The Pauper Man Dictionary is a Windows Mobile 2003 Phone Application for an English-English Dictionary. The idea came to my mind from mixing the articles Google Suggest like Dictionary and Dictionary for Google Suggest like Dictionary and due to the necessity of an English dictionary in my old Windows mobile cell phone.

Background

The Visual Studio 2008 solution includes two projects.

The first one is a WinForms application for downloading the data from The Online Plain Text English Dictionary that is based on "The Project Gutenberg Etext of Webster's Unabridged Dictionary" which in turn is based on the 1913 US Webster's Unabridged Dictionary and is used to create the SQLite.Net database file. 

The second project is the PPC implementation for use in a Windows Mobile 2003 cell phone using the same SQLite database file.

Using the Code

The first problem to solve is “to read” the HTML page and split each word in order to accommodate into DB file. For a better performance of the application, I am using a background worker control to use another thread for the download and word processing. Additionally, it is necessary to remove all HTML tags from the page.
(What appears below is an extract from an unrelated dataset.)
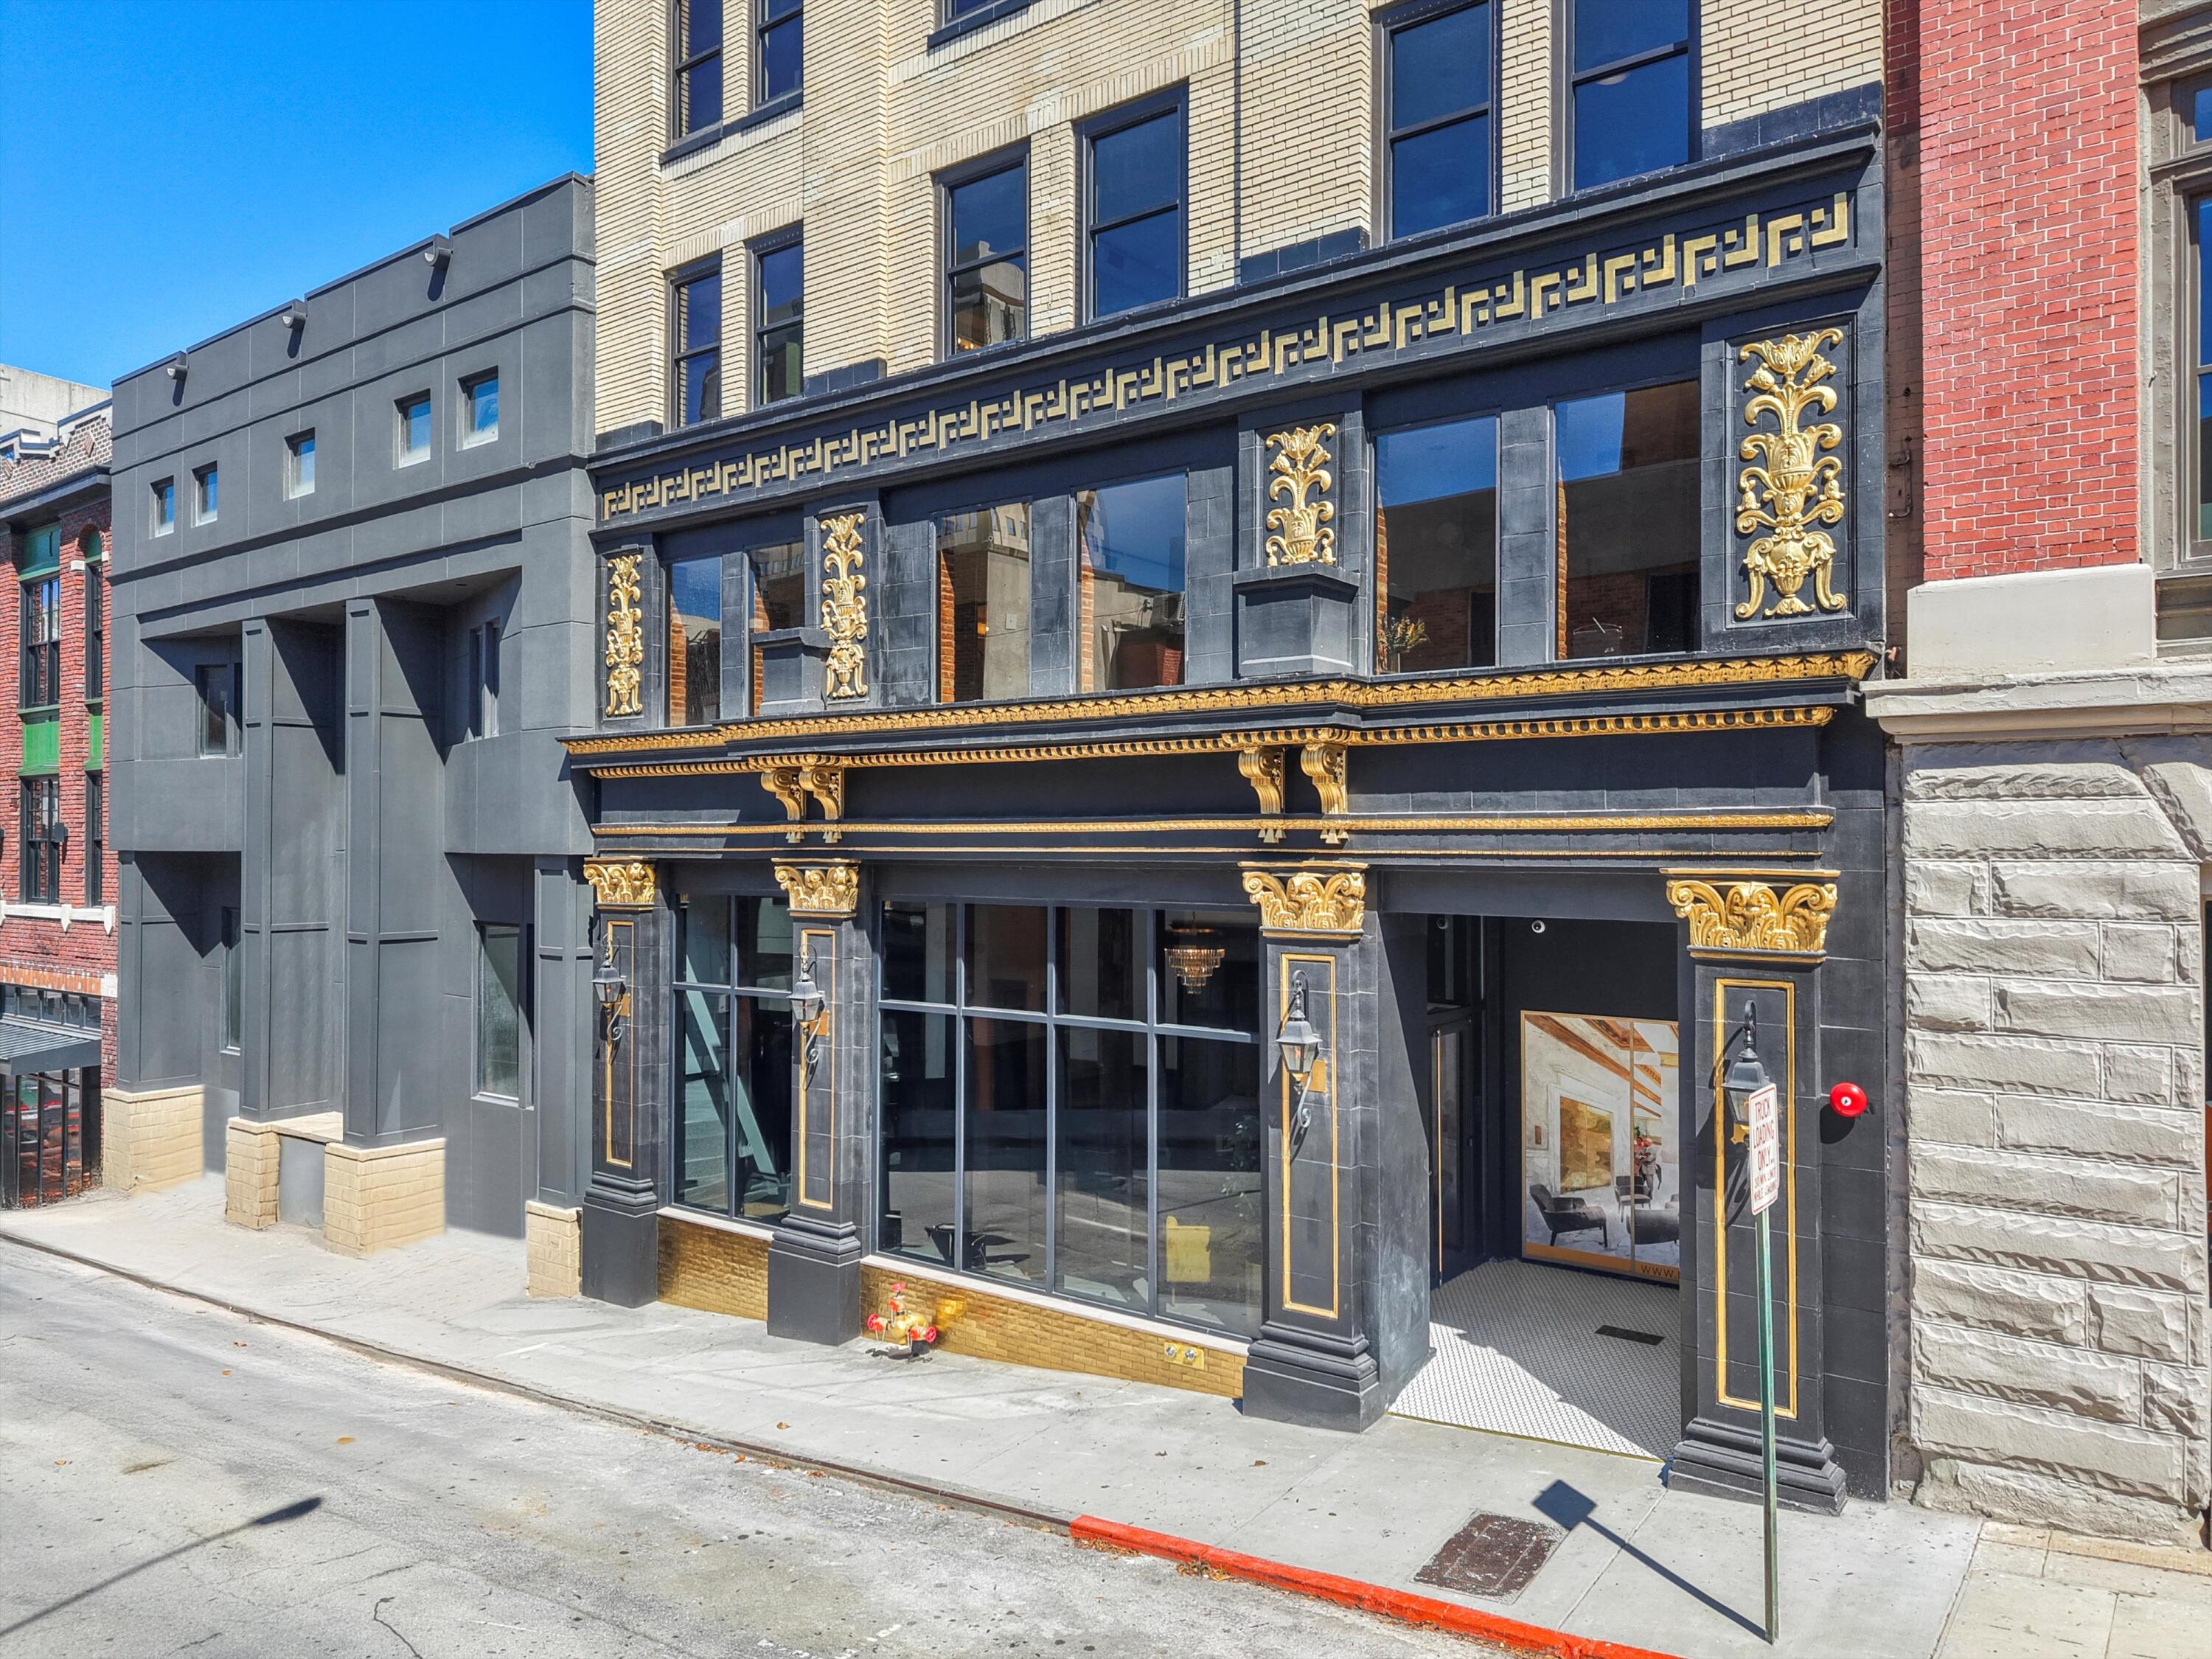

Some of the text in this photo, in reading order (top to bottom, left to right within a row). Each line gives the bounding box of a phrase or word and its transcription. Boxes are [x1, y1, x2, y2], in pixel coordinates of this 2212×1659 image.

[1755, 1098, 1771, 1121] TRUCK
[1753, 1119, 1774, 1148] LOADING
[1758, 1147, 1770, 1170] ONLY
I found a good example here.

 class HTMLremover
    {
        /// <summary>
        /// Remove HTML from string with Regex.
        /// </summary>
        public static string StripTagsRegex(string source)
        {
            return Regex.Replace(source, "<.*?>", string.Empty);
        }

        /// <summary>
        /// Compiled regular expression for performance.
        /// </summary>
        static Regex _htmlRegex = new Regex("<.*?>", RegexOptions.Compiled);

        /// <summary>
        /// Remove HTML from string with compiled Regex.
        /// </summary>
        public static string StripTagsRegexCompiled(string source)
        {
            return _htmlRegex.Replace(source, string.Empty);
        }

        /// <summary>
        /// Remove HTML tags from string using char array.
        /// </summary>
        public static string StripTagsCharArray(string source)
        {
            char[] array = new char[source.Length];
            int arrayIndex = 0;
            bool inside = false;

            for (int i = 0; i < source.Length; i++)
            {
                char let = source[i];
                if (let == '<')
                {
                    inside = true;
                    continue;
                }
                if (let == '>')
                {
                    inside = false;
                    continue;
                }
                if (!inside)
                {
                    array[arrayIndex] = let;
                    arrayIndex++;
                }
            }
            return new string(array, 0, arrayIndex);
        }
    }

After I analyzed the text in pages, I found that the characters ‘(‘and ‘)’ are the key to solve the problem of word processing.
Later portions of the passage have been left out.